About this task – Print every line below exactly as written, but leave the pictures behind.
******
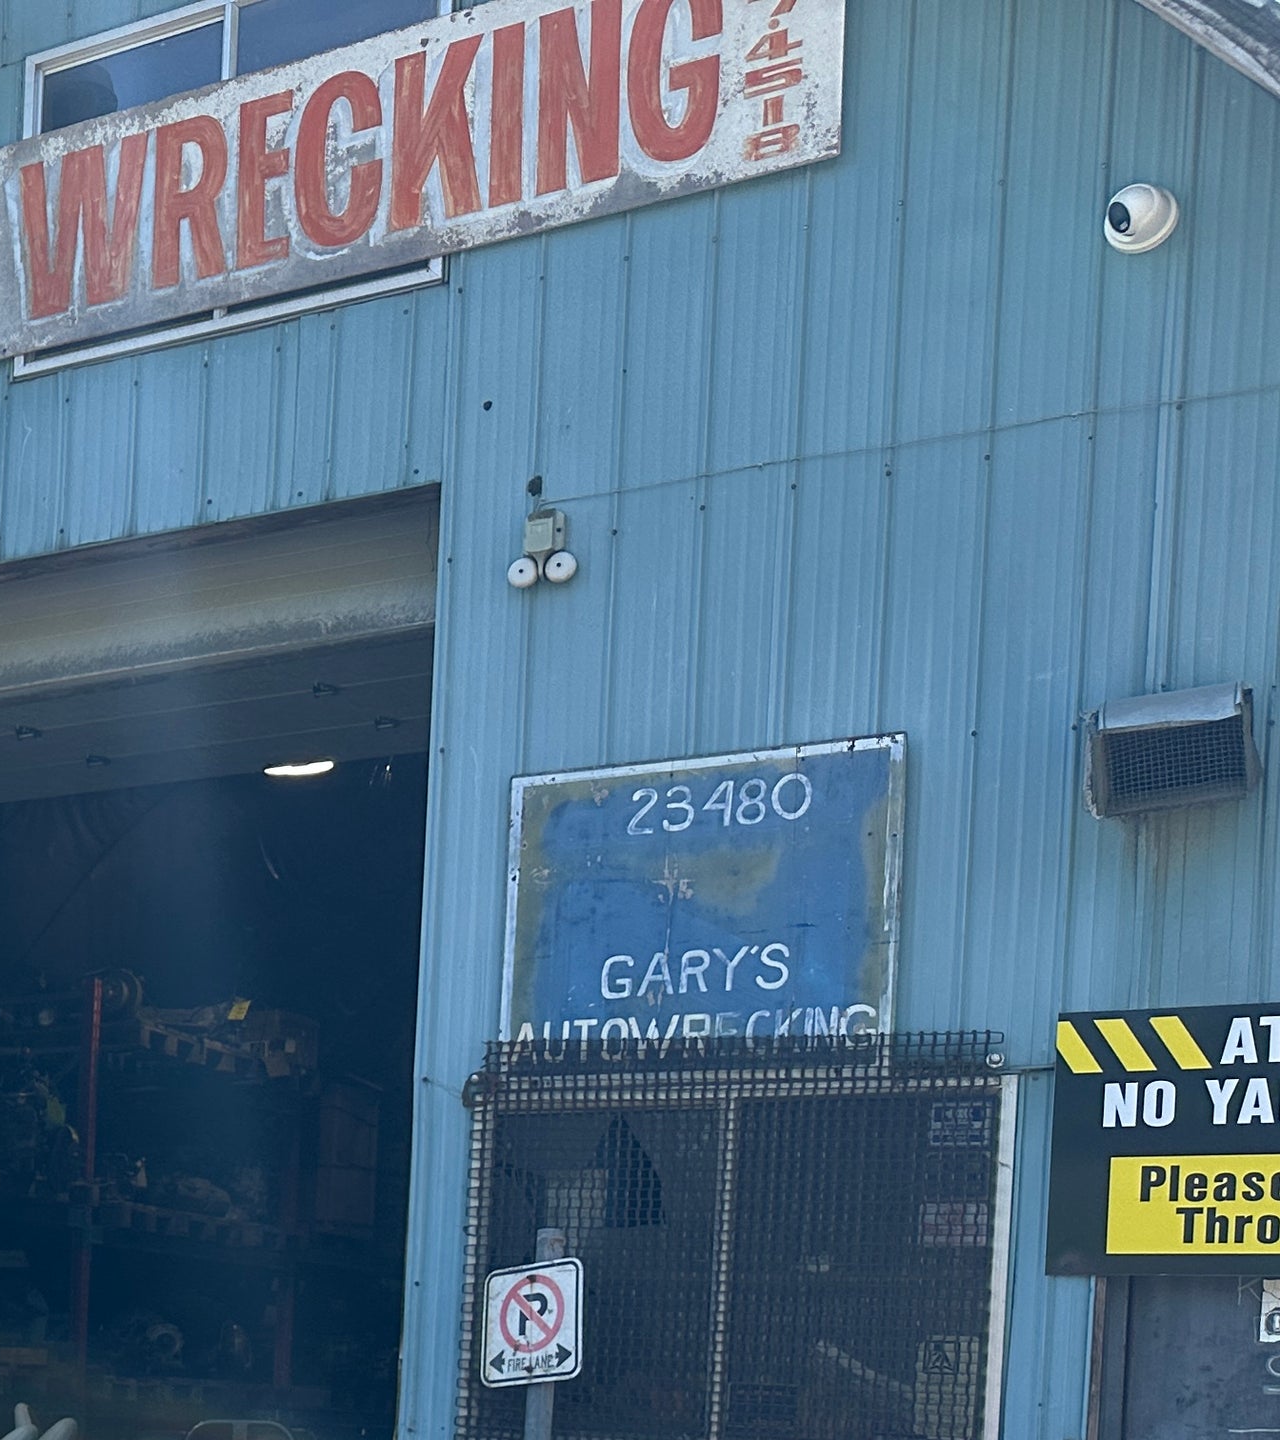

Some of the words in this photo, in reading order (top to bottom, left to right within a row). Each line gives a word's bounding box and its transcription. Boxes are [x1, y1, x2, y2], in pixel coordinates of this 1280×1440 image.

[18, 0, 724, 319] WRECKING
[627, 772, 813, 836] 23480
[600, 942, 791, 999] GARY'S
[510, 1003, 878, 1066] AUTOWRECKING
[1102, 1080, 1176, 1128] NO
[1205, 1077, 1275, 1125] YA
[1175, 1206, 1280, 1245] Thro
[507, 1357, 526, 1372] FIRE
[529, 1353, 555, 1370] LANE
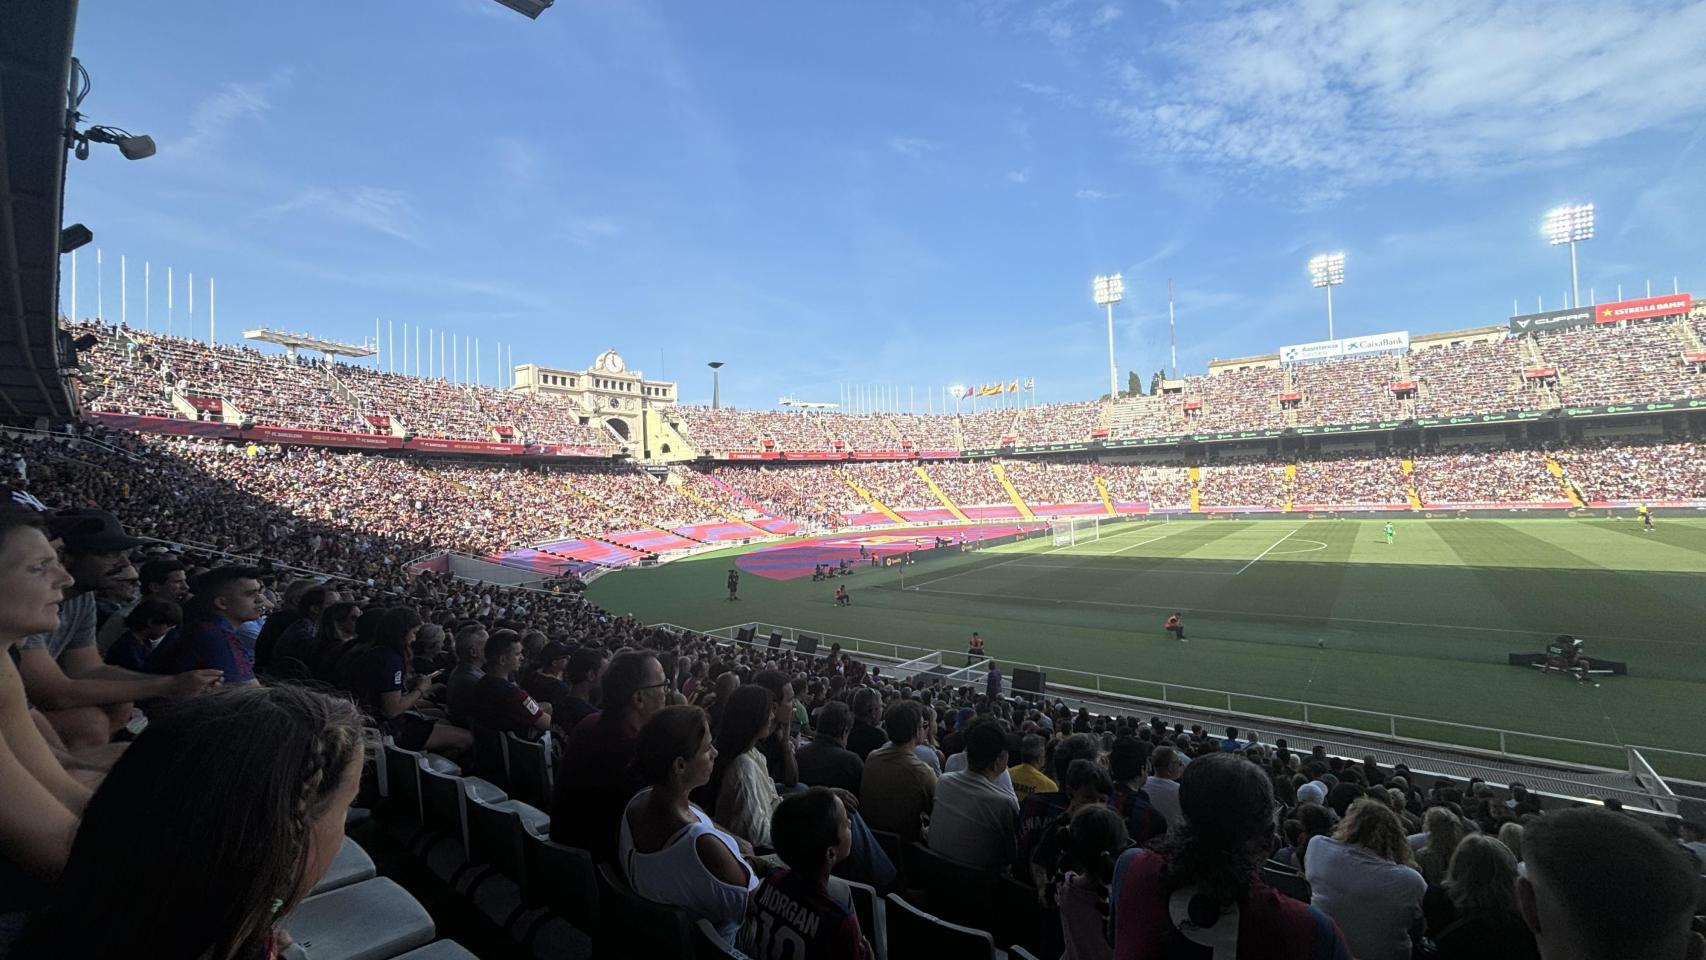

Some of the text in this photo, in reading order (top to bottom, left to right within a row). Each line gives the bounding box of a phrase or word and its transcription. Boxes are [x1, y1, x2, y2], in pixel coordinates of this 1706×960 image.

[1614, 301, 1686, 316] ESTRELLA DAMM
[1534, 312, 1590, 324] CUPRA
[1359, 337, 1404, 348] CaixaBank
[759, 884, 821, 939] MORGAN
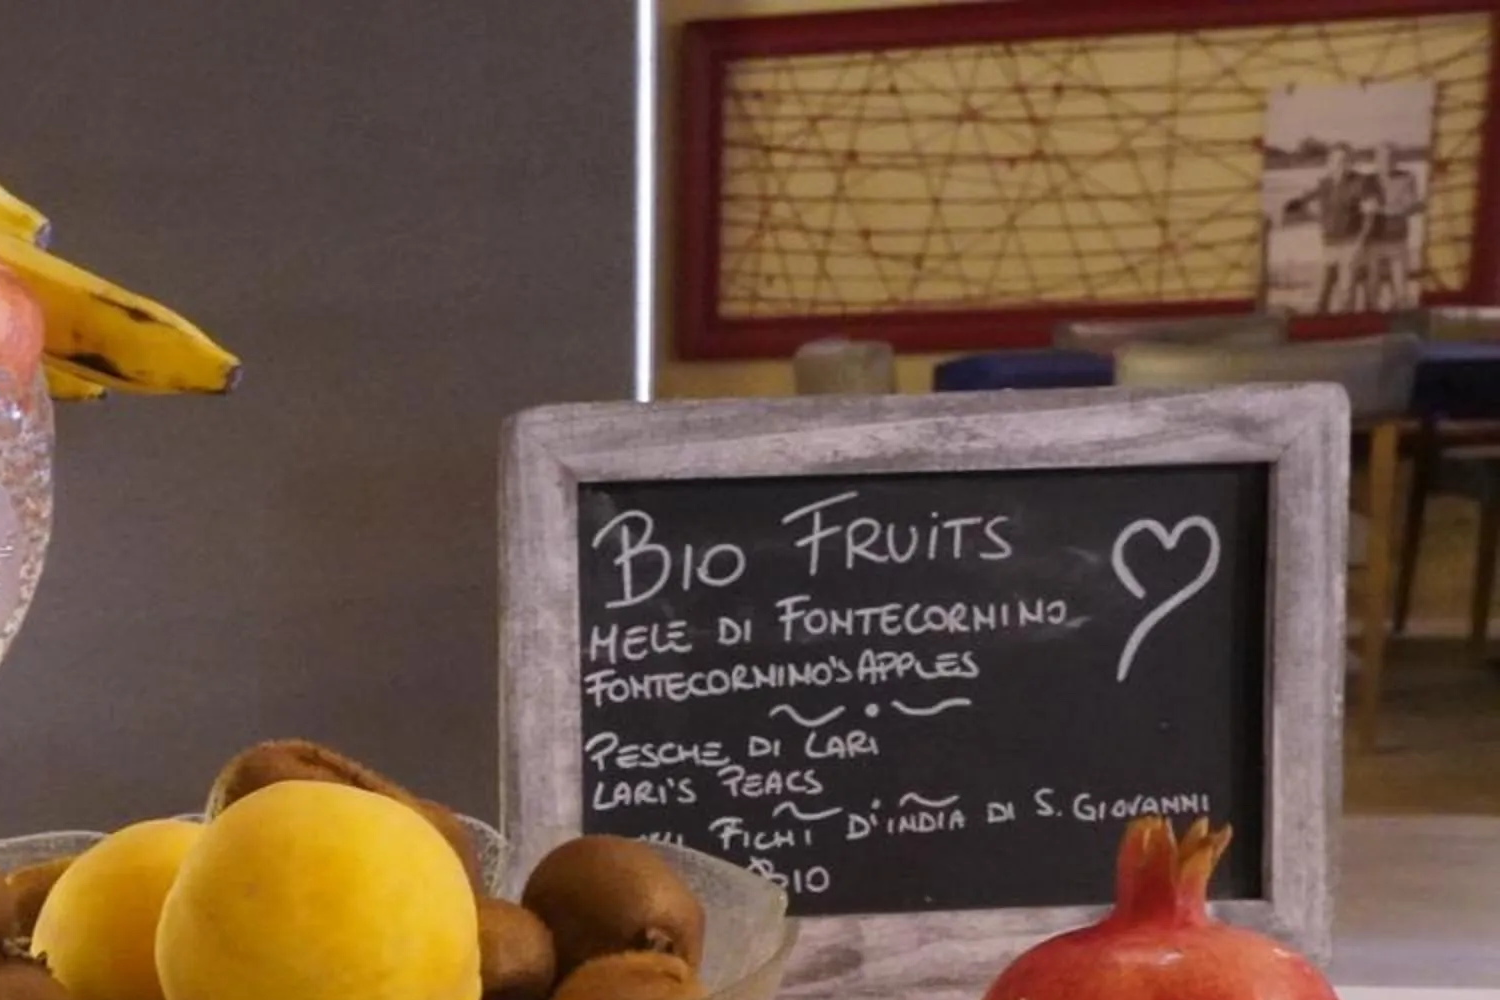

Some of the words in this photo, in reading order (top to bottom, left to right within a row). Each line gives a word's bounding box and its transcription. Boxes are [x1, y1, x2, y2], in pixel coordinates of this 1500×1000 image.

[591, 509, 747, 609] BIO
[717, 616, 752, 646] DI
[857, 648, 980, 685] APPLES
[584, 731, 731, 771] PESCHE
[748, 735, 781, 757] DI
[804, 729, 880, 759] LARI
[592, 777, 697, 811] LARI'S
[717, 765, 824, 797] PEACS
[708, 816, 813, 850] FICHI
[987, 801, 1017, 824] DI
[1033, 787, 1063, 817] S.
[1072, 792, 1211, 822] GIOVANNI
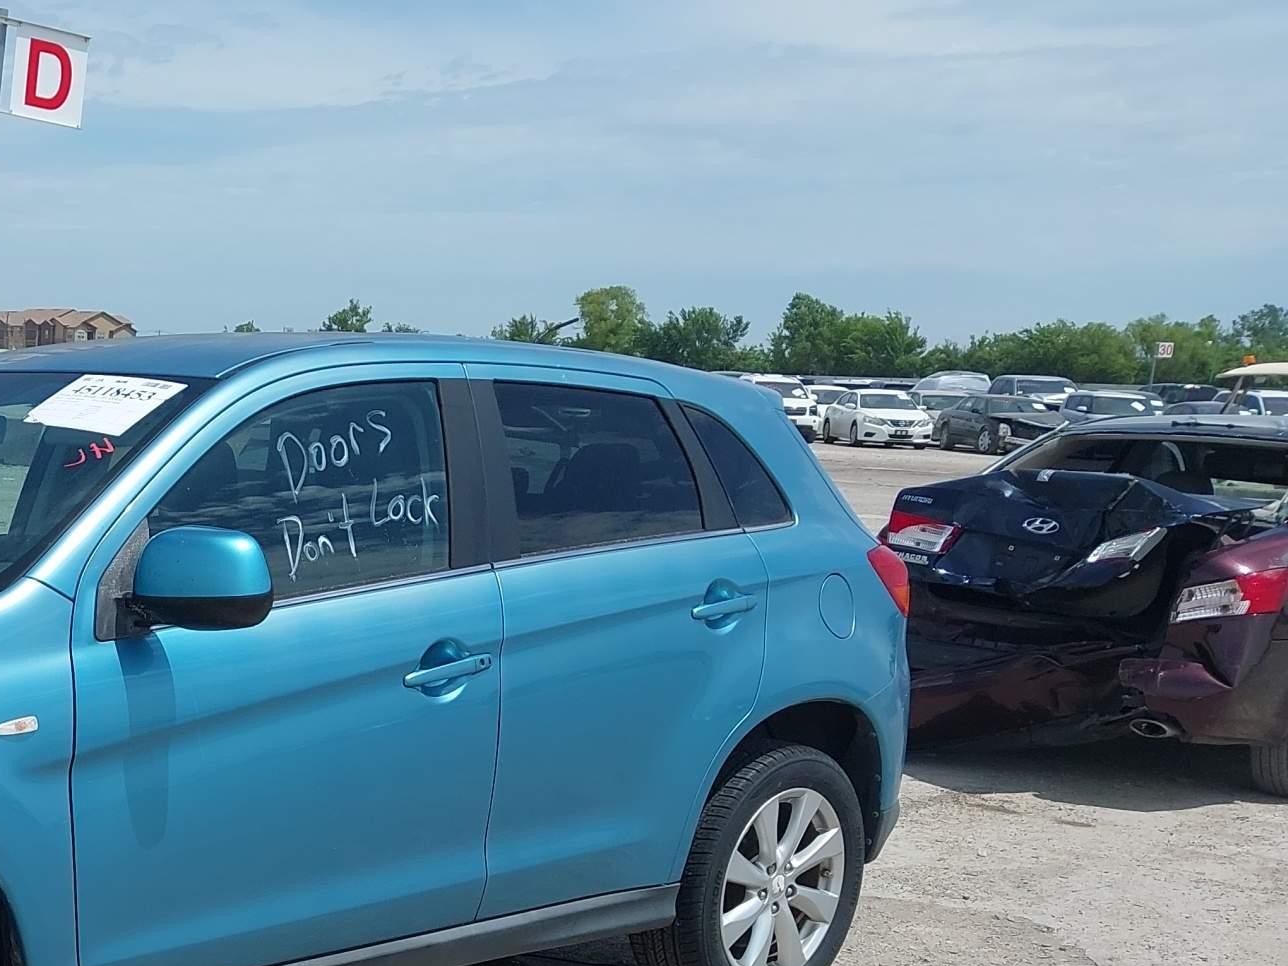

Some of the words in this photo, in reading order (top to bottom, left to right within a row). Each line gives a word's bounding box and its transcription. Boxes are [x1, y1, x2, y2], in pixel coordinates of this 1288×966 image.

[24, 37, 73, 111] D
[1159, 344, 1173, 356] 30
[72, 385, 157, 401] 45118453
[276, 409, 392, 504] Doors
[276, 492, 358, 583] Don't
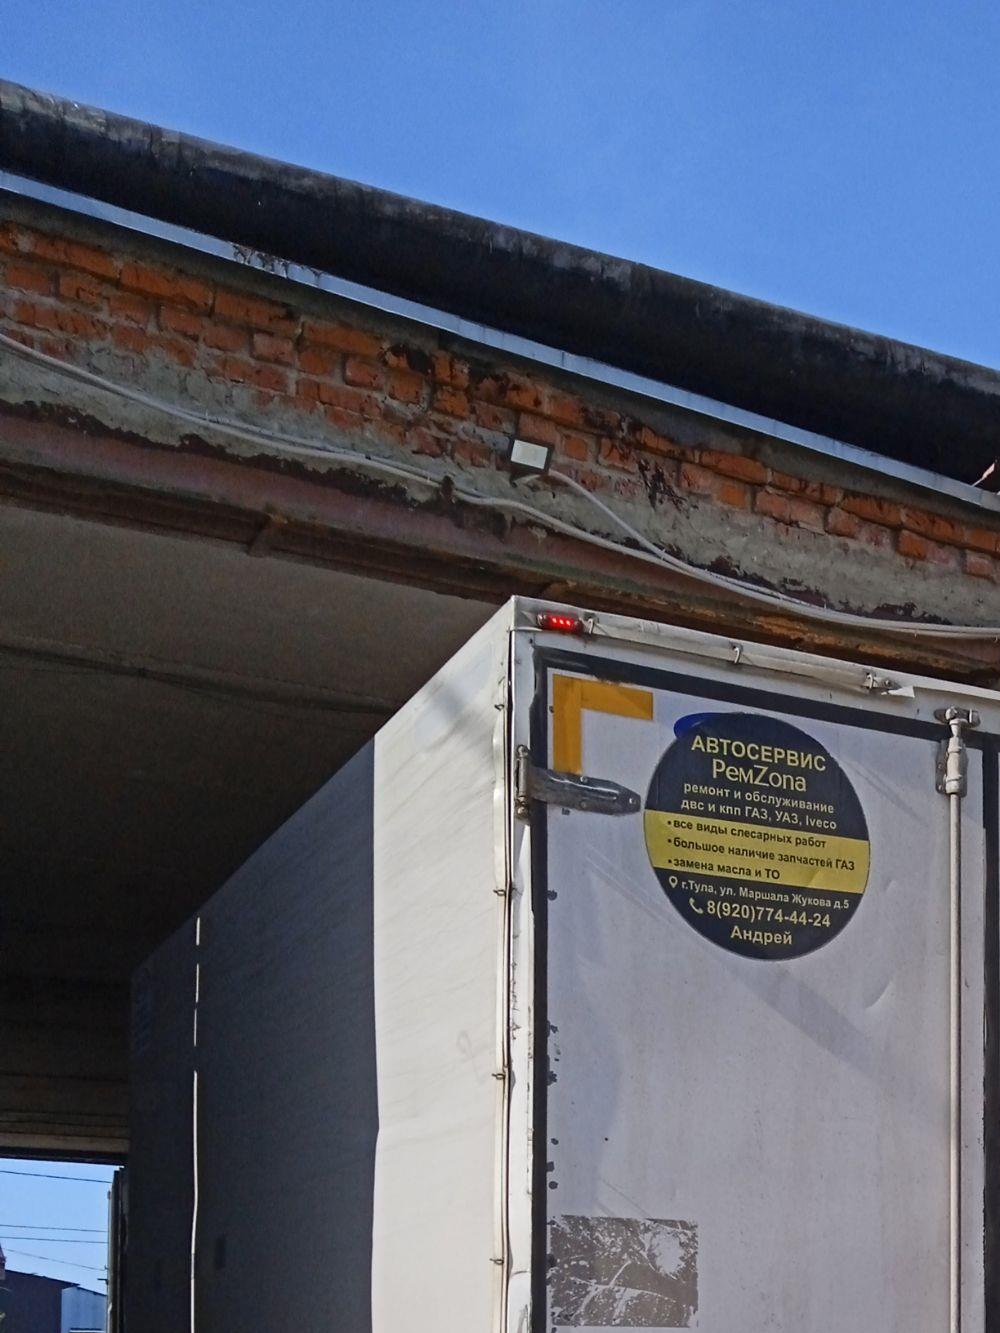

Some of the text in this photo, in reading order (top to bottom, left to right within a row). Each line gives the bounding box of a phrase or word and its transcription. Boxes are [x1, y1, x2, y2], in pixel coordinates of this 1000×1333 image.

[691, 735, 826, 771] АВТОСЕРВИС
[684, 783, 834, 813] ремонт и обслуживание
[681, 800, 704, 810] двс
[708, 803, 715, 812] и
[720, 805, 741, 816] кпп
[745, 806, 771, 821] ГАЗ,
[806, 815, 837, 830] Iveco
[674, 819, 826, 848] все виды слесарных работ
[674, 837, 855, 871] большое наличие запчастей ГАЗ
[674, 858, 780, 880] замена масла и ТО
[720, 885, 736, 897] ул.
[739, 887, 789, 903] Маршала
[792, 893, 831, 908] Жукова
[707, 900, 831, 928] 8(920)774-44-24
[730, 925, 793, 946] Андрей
******
Answer area –
Some of the words in this photo, in reading order (top to bottom, left to right within a row). Each line gives a word's bounding box and its transcription. Boxes are [x1, y1, x2, y2], in pixel coordinates of this 1280×1440 image.

[18, 0, 724, 319] WRECKING
[627, 772, 813, 836] 23480
[600, 942, 791, 999] GARY'S
[510, 1003, 878, 1066] AUTOWRECKING
[1102, 1080, 1176, 1128] NO
[1205, 1077, 1275, 1125] YA
[1175, 1206, 1280, 1245] Thro
[507, 1357, 526, 1372] FIRE
[529, 1353, 555, 1370] LANE

Some of the text in this photo, in reading order (top to bottom, left to right within a row). Each line gives the bounding box of a phrase or word and its transcription. Boxes are [x1, y1, x2, y2], in pixel coordinates of this 1706×960 image.

[1614, 301, 1686, 316] ESTRELLA DAMM
[1534, 312, 1590, 324] CUPRA
[1359, 337, 1404, 348] CaixaBank
[759, 884, 821, 939] MORGAN

Some of the words in this photo, in reading order (top to bottom, left to right within a row). Each line gives a word's bounding box and its transcription. Boxes are [x1, y1, x2, y2], in pixel coordinates of this 1500×1000 image.

[591, 509, 747, 609] BIO
[717, 616, 752, 646] DI
[857, 648, 980, 685] APPLES
[584, 731, 731, 771] PESCHE
[748, 735, 781, 757] DI
[804, 729, 880, 759] LARI
[592, 777, 697, 811] LARI'S
[717, 765, 824, 797] PEACS
[708, 816, 813, 850] FICHI
[987, 801, 1017, 824] DI
[1033, 787, 1063, 817] S.
[1072, 792, 1211, 822] GIOVANNI

Some of the words in this photo, in reading order (top to bottom, left to right within a row). Each line gives a word's bounding box and its transcription. Boxes are [x1, y1, x2, y2], in pixel coordinates of this 1288×966 image.

[24, 37, 73, 111] D
[1159, 344, 1173, 356] 30
[72, 385, 157, 401] 45118453
[276, 409, 392, 504] Doors
[276, 492, 358, 583] Don't

Some of the text in this photo, in reading order (top to bottom, left to right within a row). Each line gives the bounding box of a phrase or word and its transcription. Boxes are [x1, y1, x2, y2], in pixel coordinates of this 1000×1333 image.

[691, 735, 826, 771] АВТОСЕРВИС
[684, 783, 834, 813] ремонт и обслуживание
[681, 800, 704, 810] двс
[708, 803, 715, 812] и
[720, 805, 741, 816] кпп
[745, 806, 771, 821] ГАЗ,
[806, 815, 837, 830] Iveco
[674, 819, 826, 848] все виды слесарных работ
[674, 837, 855, 871] большое наличие запчастей ГАЗ
[674, 858, 780, 880] замена масла и ТО
[720, 885, 736, 897] ул.
[739, 887, 789, 903] Маршала
[792, 893, 831, 908] Жукова
[707, 900, 831, 928] 8(920)774-44-24
[730, 925, 793, 946] Андрей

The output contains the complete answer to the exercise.